Presentation of the IASAP Document to Top Management

Objective: To present the Information Assurance and Security Action Plan to Top Management for their approval, and so establishing a foundation for its deployment.


The completed IASAP document is then presented to top management. This presentation is planned in advance, during the presentation of the SEIS report, thus ensuring continuity in the execution of the project.


Approval of the IASAP document by top management is yet another milestone in their commitment to integrate information security in all its processes. It means approval to start the Information Security Action Plan, according to corresponding features, planning and estimation of human and economic resources.

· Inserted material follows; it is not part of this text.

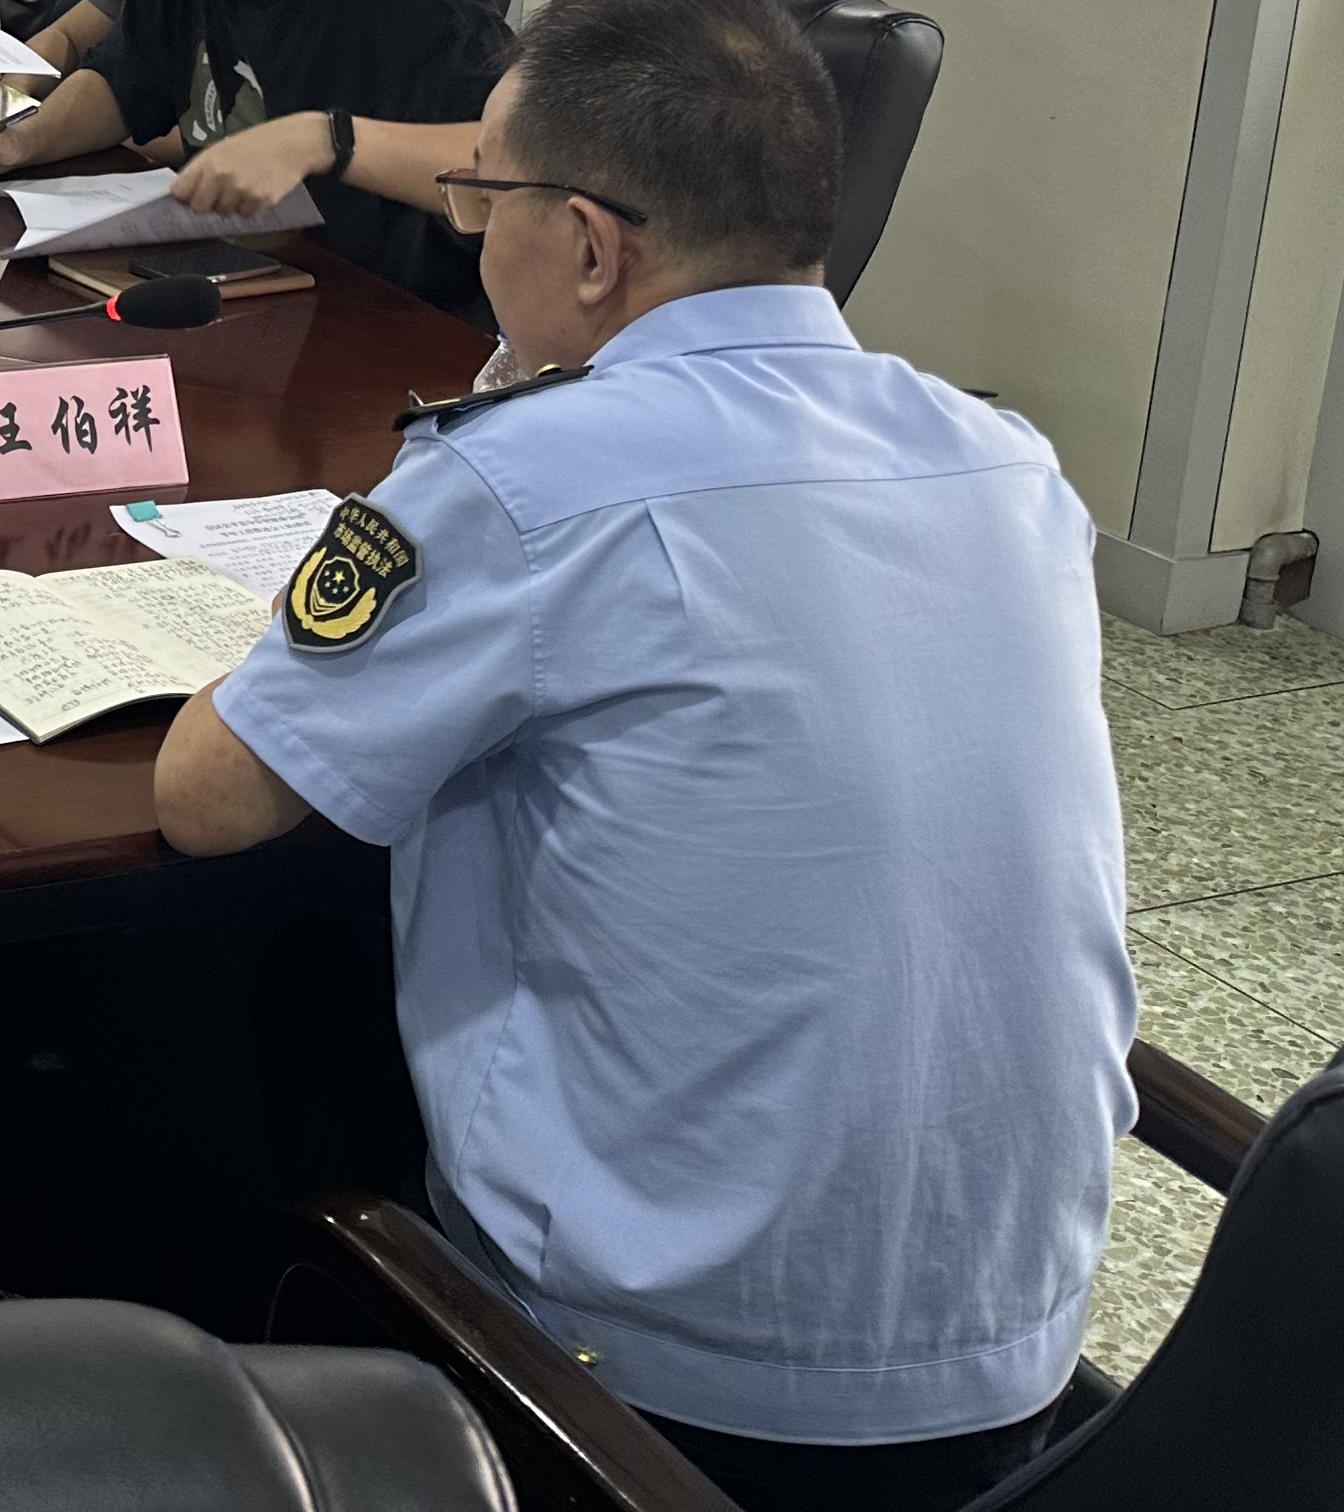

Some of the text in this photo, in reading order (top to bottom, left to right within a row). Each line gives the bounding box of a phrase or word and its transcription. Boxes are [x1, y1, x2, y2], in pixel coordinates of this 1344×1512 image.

At this point, top management has all the necessary information to properly evaluate the efforts required in the organization to achieve their objectives of reducing risk and improving security levels. They can assess the convenience of the tasks and time frames proposed in the IASAP document, and adjust or modify them as required according to additional considerations, in some cases only known by top level management (global business strategies, existing synergies, etc.).


As in the presentation of the SEIS report, it is necessary to take into account that the audience may not have technical knowledge on security. For that reason, the key messages need to be presented adequately, following the same recommendations of the section "Presentation of the SEIS report to Top Management".

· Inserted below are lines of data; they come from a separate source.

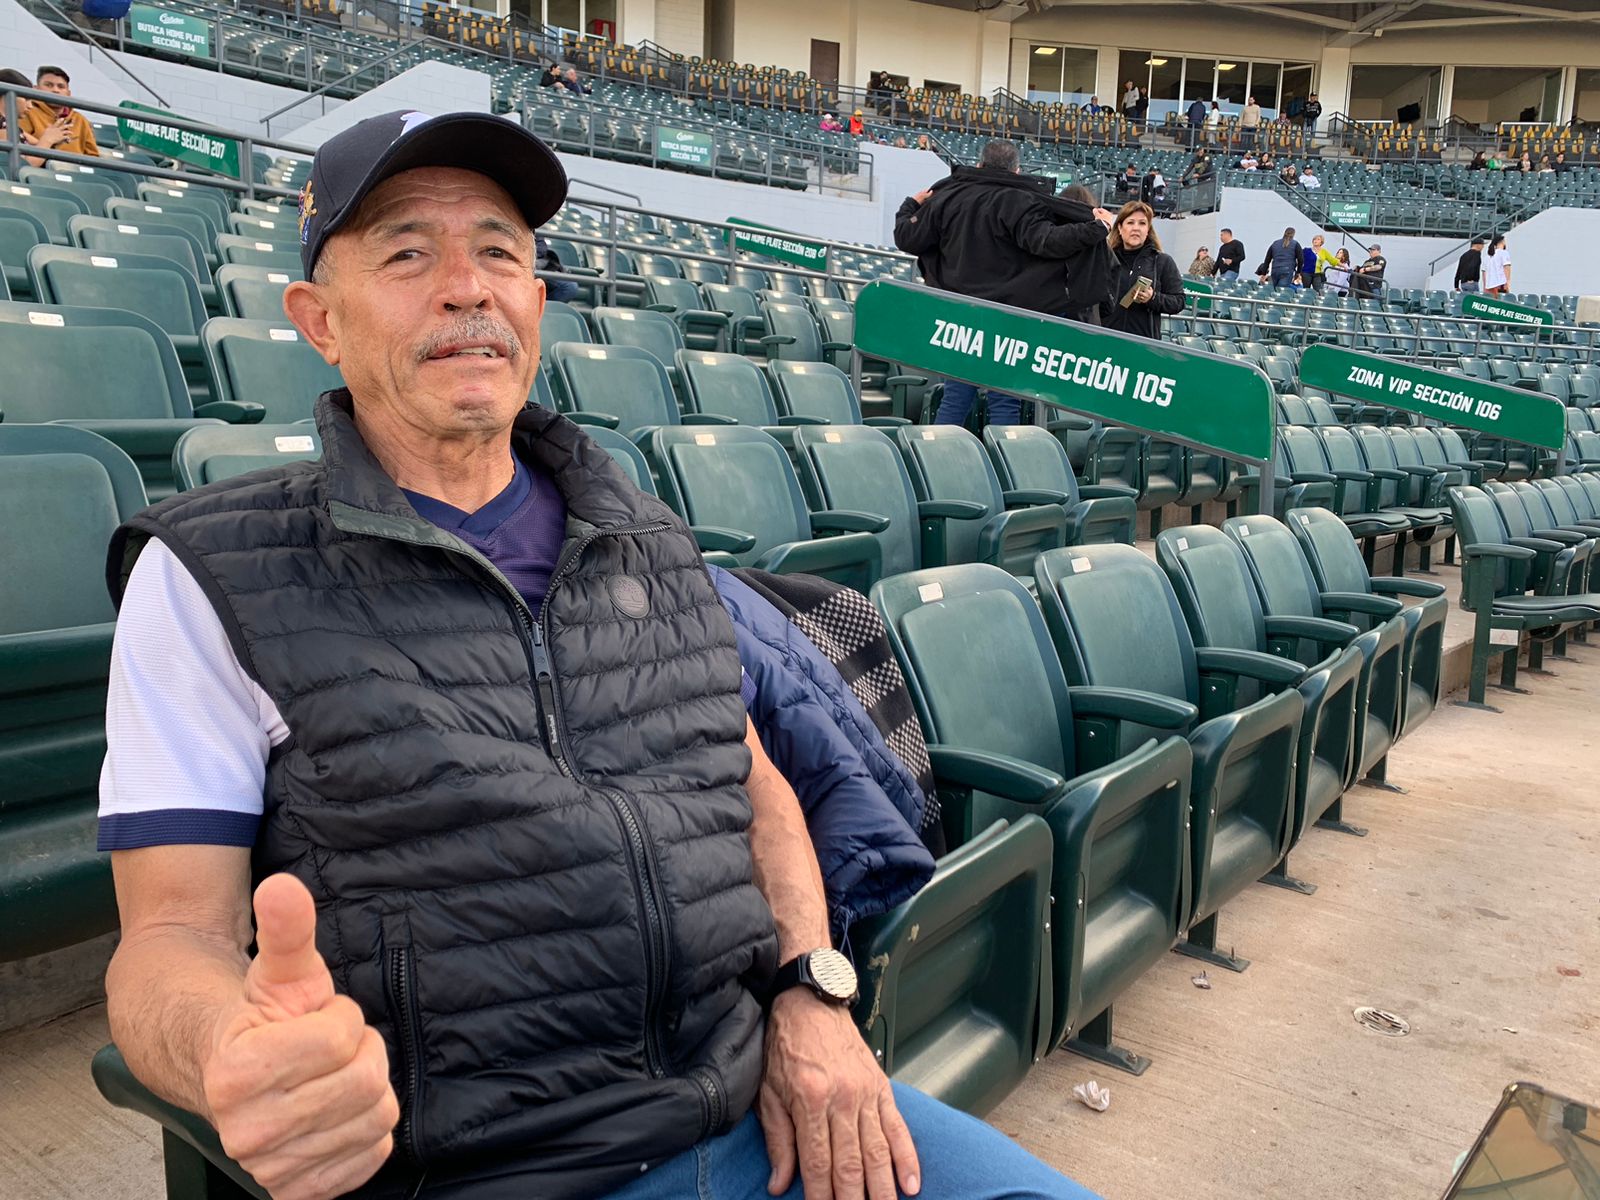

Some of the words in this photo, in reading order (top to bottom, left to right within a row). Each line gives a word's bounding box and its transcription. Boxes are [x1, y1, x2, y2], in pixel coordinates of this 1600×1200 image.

[137, 22, 165, 36] BUTACA
[166, 28, 184, 40] HOME
[185, 32, 206, 44] PLATE
[152, 36, 181, 49] SECCIÓN
[182, 42, 195, 52] 304
[145, 122, 160, 137] HOME
[160, 126, 180, 143] PLATE
[181, 131, 210, 155] SECCIÓN
[210, 141, 226, 159] 207
[693, 146, 708, 155] PLATE
[735, 231, 751, 241] ALCO
[751, 233, 766, 245] HOME
[766, 237, 782, 249] PLATE
[782, 240, 804, 256] SECCIÓN
[804, 246, 817, 259] 208
[1472, 302, 1488, 312] PALCO
[1488, 306, 1500, 315] HOME
[1500, 309, 1514, 319] PLATE
[1514, 312, 1534, 324] SECCIÓN
[929, 318, 985, 358] ZONA
[993, 334, 1029, 367] VIP
[1031, 346, 1130, 395] SECCIÓN
[1132, 371, 1177, 407] 105
[1347, 366, 1384, 389] ZONA
[1388, 376, 1412, 395] VIP
[1412, 383, 1474, 413] SECCIÓN
[1475, 400, 1502, 421] 106

The following is an example of a possible structure of the presentation, which can be used as reference:

  • Introduction: origins of the IASAP document and its process.
  • Justified description of short, medium and long terms, and rationale for the inclusion of tasks in these time frames.
  • Short Term: Detailed description of each task to be completed in this deadline, including deadlines for: deployment, resources (stating if they are internal and/or external), suppliers' quotes (where needed), tasks and economic assessment. (For example, tasks that should be executed in under six months).
  • Medium Term: Detailed description of each task to be executed as stated in the previous point. (6 to 12 months)
  • Long Term: Detailed description of each task to be executed as stated in the previous point. (more than 12 months )
  • Time planning proposal: Proposal with real dates for the fulfilment of objectives stated in the IASAP document (i.e. a Gantt chart).

In addition to improvements on security, the IASAP document can be used as a framework for a policy of compliance to objectives at different levels in the organization, from departmental to personal/role ones.